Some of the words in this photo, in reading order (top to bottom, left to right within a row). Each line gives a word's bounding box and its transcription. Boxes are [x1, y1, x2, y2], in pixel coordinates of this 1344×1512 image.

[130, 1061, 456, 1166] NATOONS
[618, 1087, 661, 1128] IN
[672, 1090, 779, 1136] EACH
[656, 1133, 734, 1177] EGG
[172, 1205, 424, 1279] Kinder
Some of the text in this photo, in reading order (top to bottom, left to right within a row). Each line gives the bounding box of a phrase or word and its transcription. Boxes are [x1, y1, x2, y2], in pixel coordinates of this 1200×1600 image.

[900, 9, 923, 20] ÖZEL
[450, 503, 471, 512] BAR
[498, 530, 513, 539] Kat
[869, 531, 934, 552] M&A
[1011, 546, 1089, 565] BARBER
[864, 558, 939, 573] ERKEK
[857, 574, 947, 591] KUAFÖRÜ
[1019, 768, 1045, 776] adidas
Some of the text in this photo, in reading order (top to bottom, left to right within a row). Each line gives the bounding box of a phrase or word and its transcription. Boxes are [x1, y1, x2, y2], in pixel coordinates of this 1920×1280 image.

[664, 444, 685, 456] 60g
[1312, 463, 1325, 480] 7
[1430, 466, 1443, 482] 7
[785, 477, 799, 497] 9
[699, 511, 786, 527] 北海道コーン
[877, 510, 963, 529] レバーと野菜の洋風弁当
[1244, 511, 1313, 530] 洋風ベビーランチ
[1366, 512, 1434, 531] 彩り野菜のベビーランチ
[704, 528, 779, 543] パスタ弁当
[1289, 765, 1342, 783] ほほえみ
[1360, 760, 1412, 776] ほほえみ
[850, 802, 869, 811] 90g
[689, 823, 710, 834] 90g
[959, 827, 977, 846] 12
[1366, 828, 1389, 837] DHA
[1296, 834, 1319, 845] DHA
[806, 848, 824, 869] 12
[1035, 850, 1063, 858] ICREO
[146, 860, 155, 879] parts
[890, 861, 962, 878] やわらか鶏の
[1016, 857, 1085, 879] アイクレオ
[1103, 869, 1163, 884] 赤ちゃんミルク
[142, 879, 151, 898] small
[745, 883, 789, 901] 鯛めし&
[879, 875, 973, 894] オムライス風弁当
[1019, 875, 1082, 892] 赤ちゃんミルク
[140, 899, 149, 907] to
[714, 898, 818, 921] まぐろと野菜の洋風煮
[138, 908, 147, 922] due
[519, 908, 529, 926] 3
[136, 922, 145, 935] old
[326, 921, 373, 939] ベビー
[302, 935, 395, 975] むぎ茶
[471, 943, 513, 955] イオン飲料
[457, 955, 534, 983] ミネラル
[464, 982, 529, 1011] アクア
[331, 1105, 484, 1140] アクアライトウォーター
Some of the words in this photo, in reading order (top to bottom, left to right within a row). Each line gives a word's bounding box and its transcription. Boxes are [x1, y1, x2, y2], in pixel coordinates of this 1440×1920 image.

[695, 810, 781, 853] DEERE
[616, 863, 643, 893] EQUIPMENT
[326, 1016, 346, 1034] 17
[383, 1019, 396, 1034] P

• **Task objective**
Exactly reproduce every line of the records.

• **Answer to this exercise**
Some of the words in this photo, in reading order (top to bottom, left to right within a row). Each line gives a word's bounding box and its transcription. Boxes are [x1, y1, x2, y2], in pixel coordinates of this 1344×1512 image.

[130, 1061, 456, 1166] NATOONS
[618, 1087, 661, 1128] IN
[672, 1090, 779, 1136] EACH
[656, 1133, 734, 1177] EGG
[172, 1205, 424, 1279] Kinder
Some of the text in this photo, in reading order (top to bottom, left to right within a row). Each line gives the bounding box of a phrase or word and its transcription. Boxes are [x1, y1, x2, y2], in pixel coordinates of this 1200×1600 image.

[900, 9, 923, 20] ÖZEL
[450, 503, 471, 512] BAR
[498, 530, 513, 539] Kat
[869, 531, 934, 552] M&A
[1011, 546, 1089, 565] BARBER
[864, 558, 939, 573] ERKEK
[857, 574, 947, 591] KUAFÖRÜ
[1019, 768, 1045, 776] adidas
Some of the text in this photo, in reading order (top to bottom, left to right within a row). Each line gives the bounding box of a phrase or word and its transcription. Boxes are [x1, y1, x2, y2], in pixel coordinates of this 1920×1280 image.

[664, 444, 685, 456] 60g
[1312, 463, 1325, 480] 7
[1430, 466, 1443, 482] 7
[785, 477, 799, 497] 9
[699, 511, 786, 527] 北海道コーン
[877, 510, 963, 529] レバーと野菜の洋風弁当
[1244, 511, 1313, 530] 洋風ベビーランチ
[1366, 512, 1434, 531] 彩り野菜のベビーランチ
[704, 528, 779, 543] パスタ弁当
[1289, 765, 1342, 783] ほほえみ
[1360, 760, 1412, 776] ほほえみ
[850, 802, 869, 811] 90g
[689, 823, 710, 834] 90g
[959, 827, 977, 846] 12
[1366, 828, 1389, 837] DHA
[1296, 834, 1319, 845] DHA
[806, 848, 824, 869] 12
[1035, 850, 1063, 858] ICREO
[146, 860, 155, 879] parts
[890, 861, 962, 878] やわらか鶏の
[1016, 857, 1085, 879] アイクレオ
[1103, 869, 1163, 884] 赤ちゃんミルク
[142, 879, 151, 898] small
[745, 883, 789, 901] 鯛めし&
[879, 875, 973, 894] オムライス風弁当
[1019, 875, 1082, 892] 赤ちゃんミルク
[140, 899, 149, 907] to
[714, 898, 818, 921] まぐろと野菜の洋風煮
[138, 908, 147, 922] due
[519, 908, 529, 926] 3
[136, 922, 145, 935] old
[326, 921, 373, 939] ベビー
[302, 935, 395, 975] むぎ茶
[471, 943, 513, 955] イオン飲料
[457, 955, 534, 983] ミネラル
[464, 982, 529, 1011] アクア
[331, 1105, 484, 1140] アクアライトウォーター
Some of the words in this photo, in reading order (top to bottom, left to right within a row). Each line gives a word's bounding box and its transcription. Boxes are [x1, y1, x2, y2], in pixel coordinates of this 1440×1920 image.

[695, 810, 781, 853] DEERE
[616, 863, 643, 893] EQUIPMENT
[326, 1016, 346, 1034] 17
[383, 1019, 396, 1034] P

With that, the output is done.